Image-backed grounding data
☆ ☆ ☆

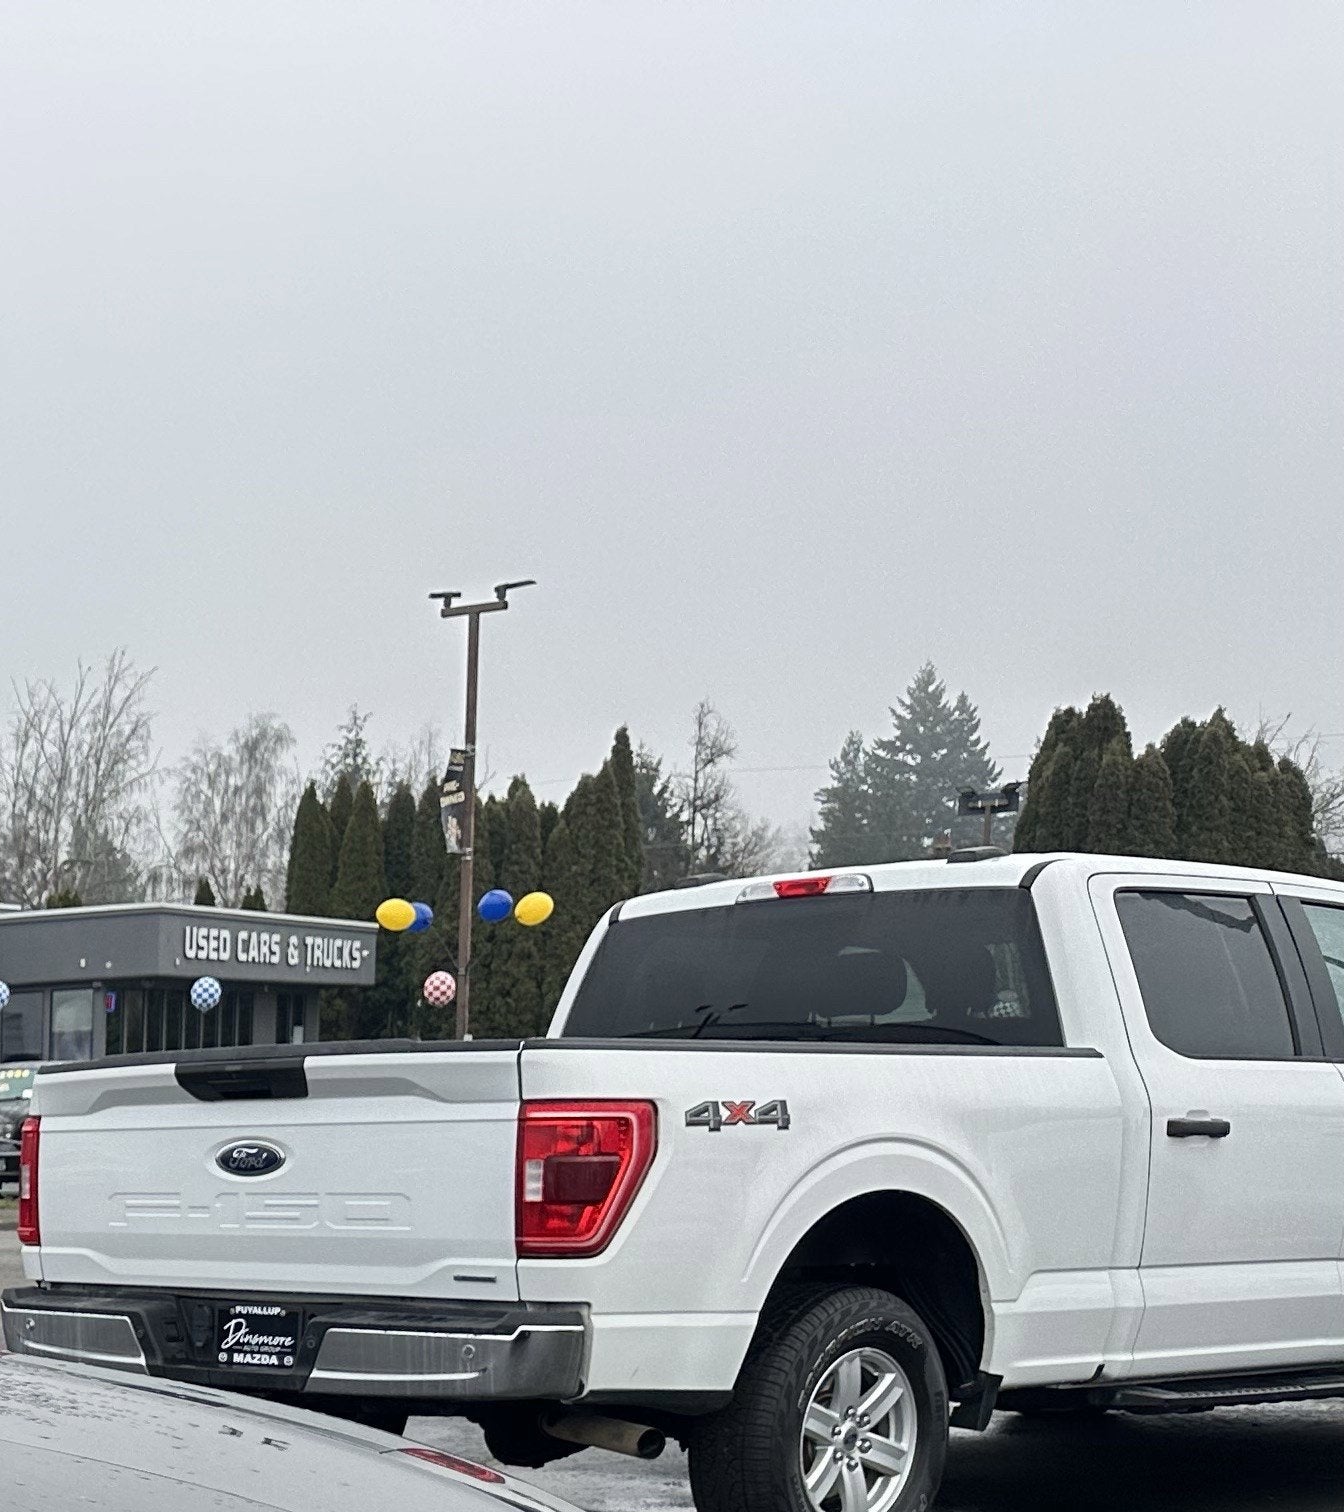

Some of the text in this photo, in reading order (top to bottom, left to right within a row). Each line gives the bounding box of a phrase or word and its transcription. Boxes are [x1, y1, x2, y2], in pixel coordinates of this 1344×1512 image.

[184, 925, 362, 969] USED CARS & TRUCKS
[228, 1147, 269, 1169] Ford
[108, 1192, 412, 1231] F-150
[235, 1305, 281, 1316] PUYALLUP
[221, 1318, 295, 1349] Dinsmore
[232, 1352, 279, 1366] MAZDA
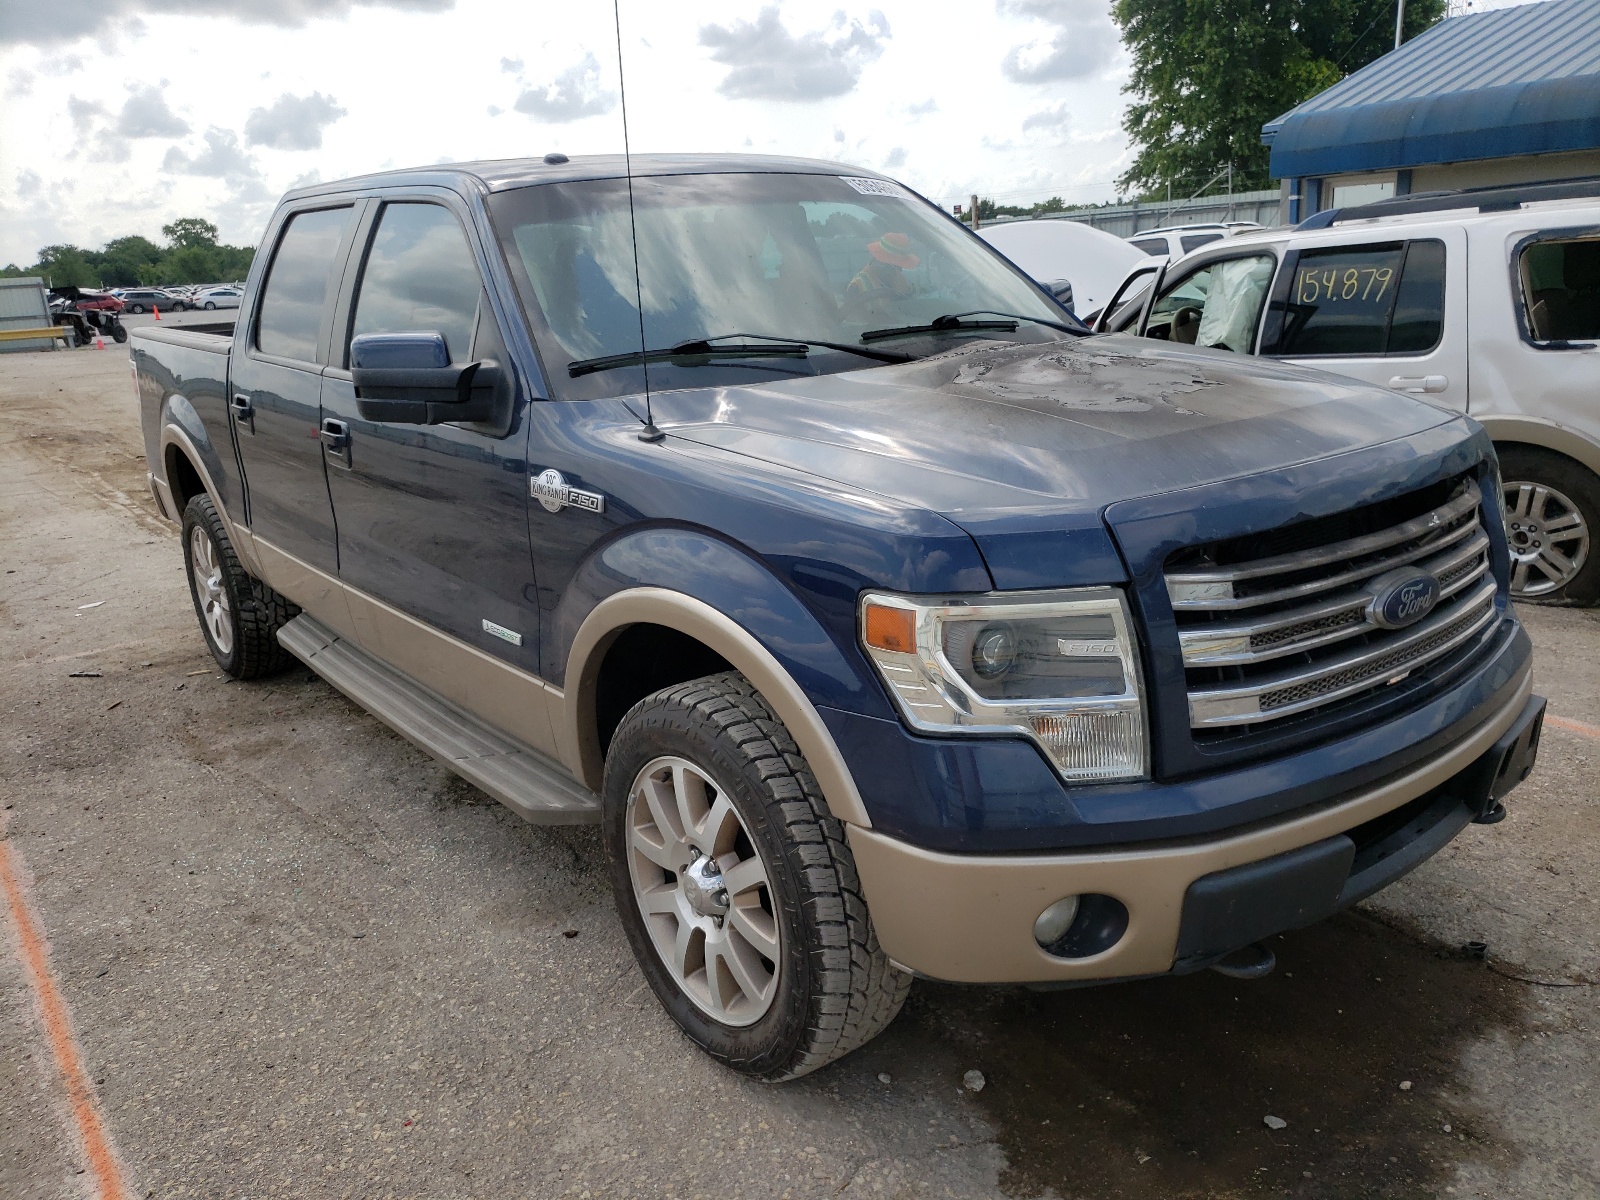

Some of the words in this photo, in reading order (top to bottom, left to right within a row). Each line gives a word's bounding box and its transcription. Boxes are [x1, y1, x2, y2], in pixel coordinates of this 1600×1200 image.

[1297, 267, 1393, 306] 154.879
[532, 481, 547, 496] KING
[547, 487, 567, 502] RANCH
[569, 492, 599, 509] F-150
[1398, 582, 1432, 619] Ford
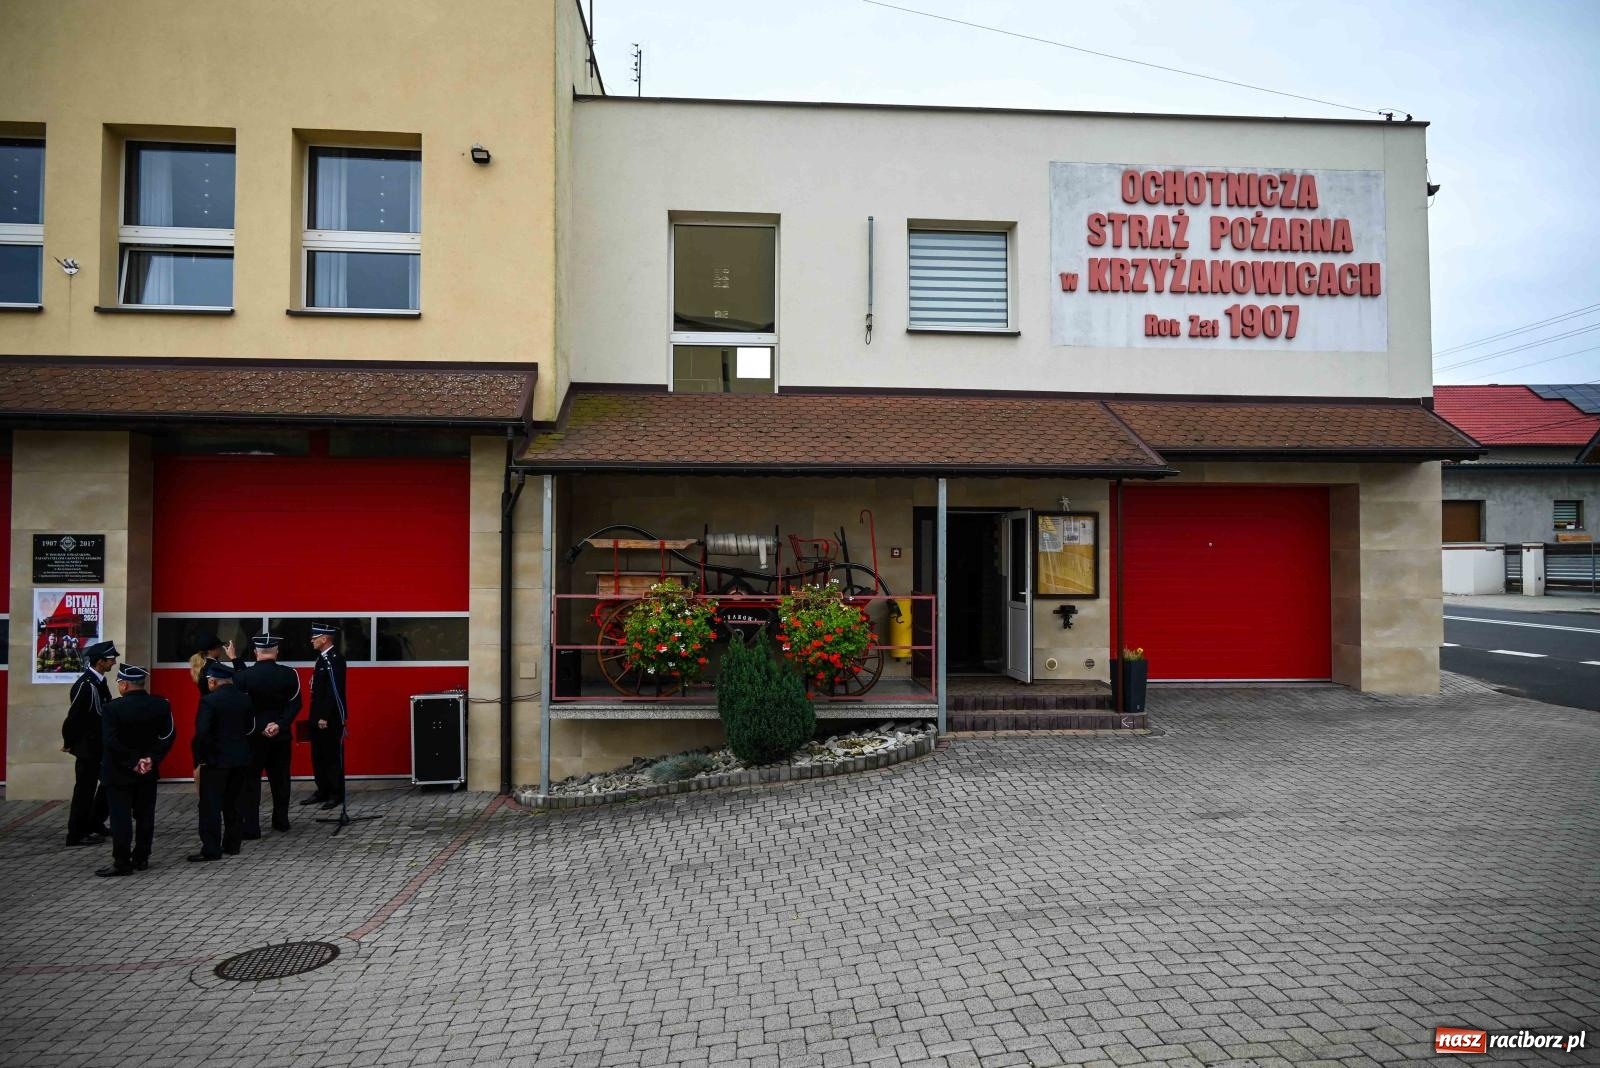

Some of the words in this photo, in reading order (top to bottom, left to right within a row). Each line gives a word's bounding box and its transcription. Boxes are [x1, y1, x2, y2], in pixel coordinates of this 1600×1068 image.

[1121, 169, 1319, 209] OCHOTNICZA
[1086, 208, 1190, 249] STRAŻ
[1209, 210, 1354, 252] POŻARNA
[1087, 252, 1382, 297] KRZYŻANOWICACH
[1144, 314, 1181, 337] Rok
[1188, 314, 1220, 338] Zał
[1224, 303, 1300, 340] 1907
[65, 595, 98, 608] BITWA
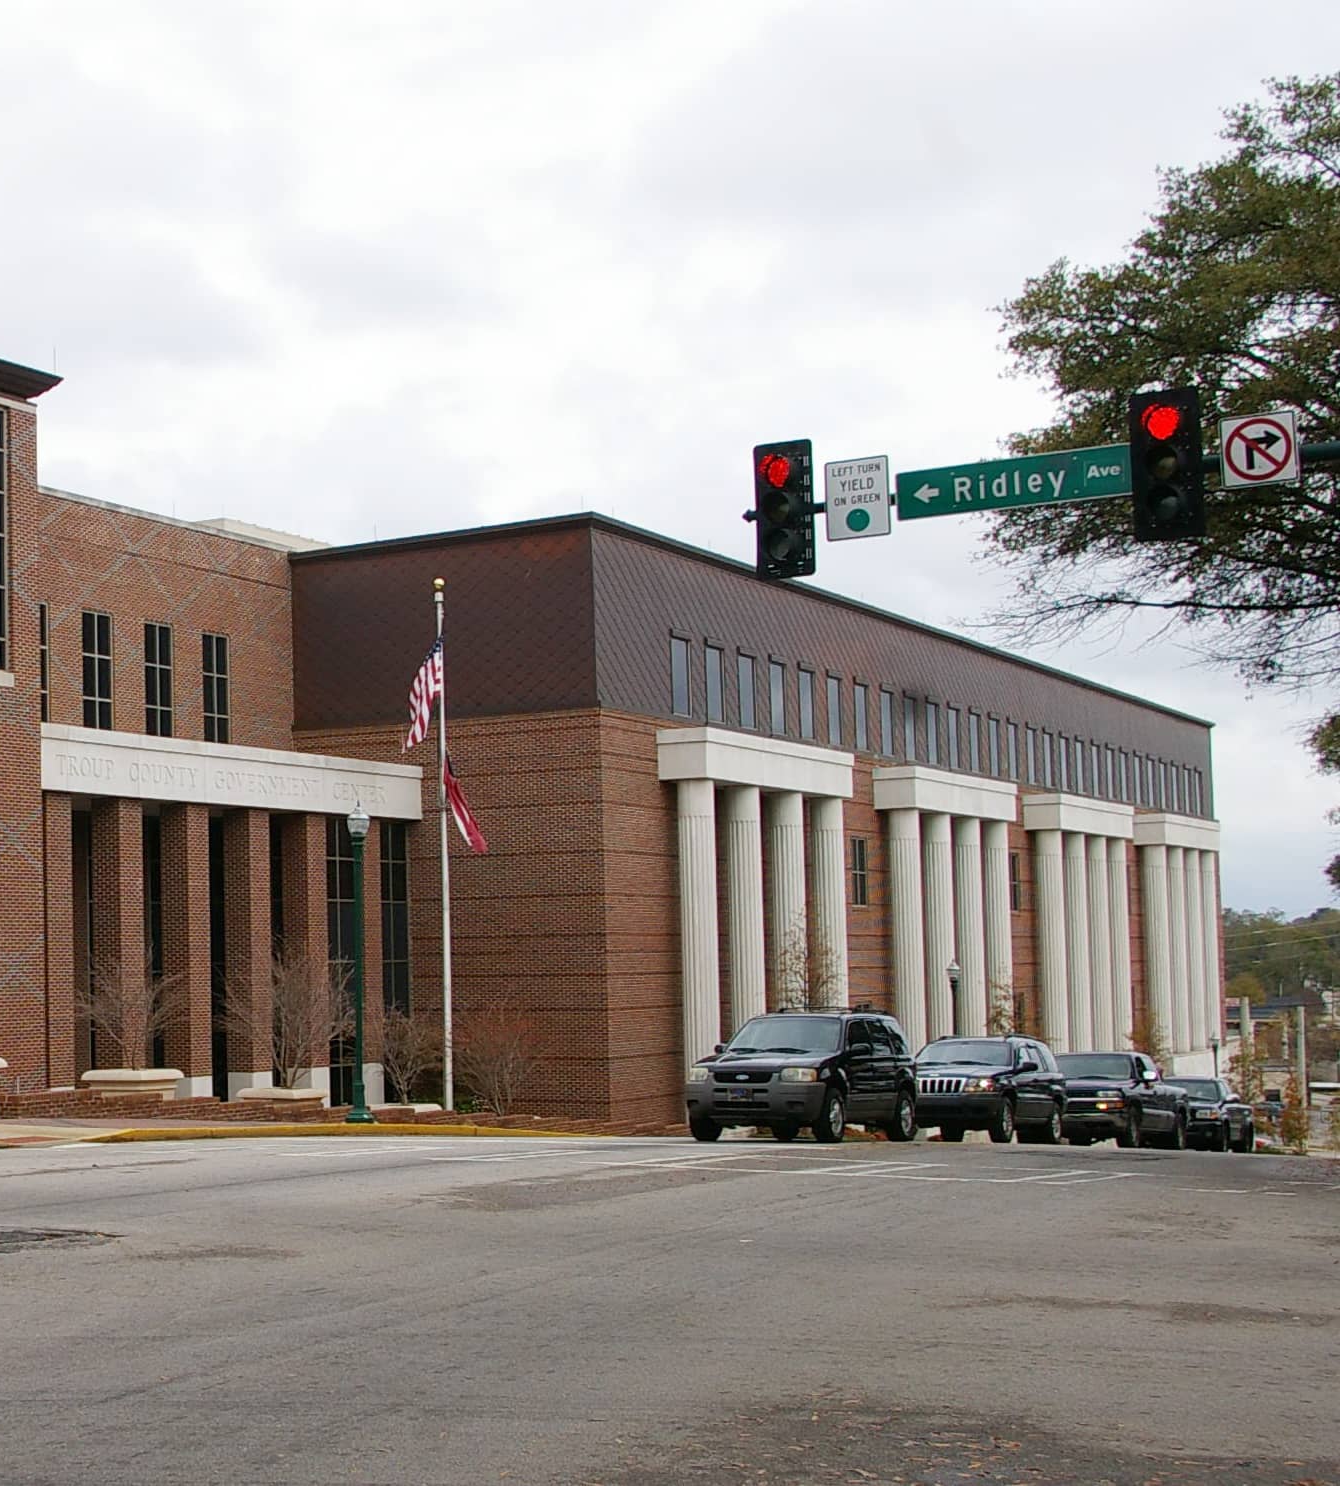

☆ ☆ ☆

Activity.
Each record must be repeated exactly, and no picture may be carried over.

Output of the exercise.
Some of the text in this photo, in reading order (top to bottom, left to right within a row). Each line gives the bounding box of a phrase or word and its transcription. Boxes are [x1, y1, x2, y2], in pixel coordinates of this 1344×1512 image.

[184, 925, 362, 969] USED CARS & TRUCKS
[228, 1147, 269, 1169] Ford
[108, 1192, 412, 1231] F-150
[235, 1305, 281, 1316] PUYALLUP
[221, 1318, 295, 1349] Dinsmore
[232, 1352, 279, 1366] MAZDA

Some of the words in this photo, in reading order (top to bottom, left to right within a row). Each line gives a word's bounding box and its transcription. Boxes are [x1, y1, x2, y2], in pixel coordinates of this 1600×1200 image.

[1297, 267, 1393, 306] 154.879
[532, 481, 547, 496] KING
[547, 487, 567, 502] RANCH
[569, 492, 599, 509] F-150
[1398, 582, 1432, 619] Ford

Some of the words in this photo, in reading order (top to bottom, left to right within a row). Each line gives a word's bounding box and its transcription. Boxes are [x1, y1, x2, y2], in pixel coordinates of this 1600×1068 image.

[1121, 169, 1319, 209] OCHOTNICZA
[1086, 208, 1190, 249] STRAŻ
[1209, 210, 1354, 252] POŻARNA
[1087, 252, 1382, 297] KRZYŻANOWICACH
[1144, 314, 1181, 337] Rok
[1188, 314, 1220, 338] Zał
[1224, 303, 1300, 340] 1907
[65, 595, 98, 608] BITWA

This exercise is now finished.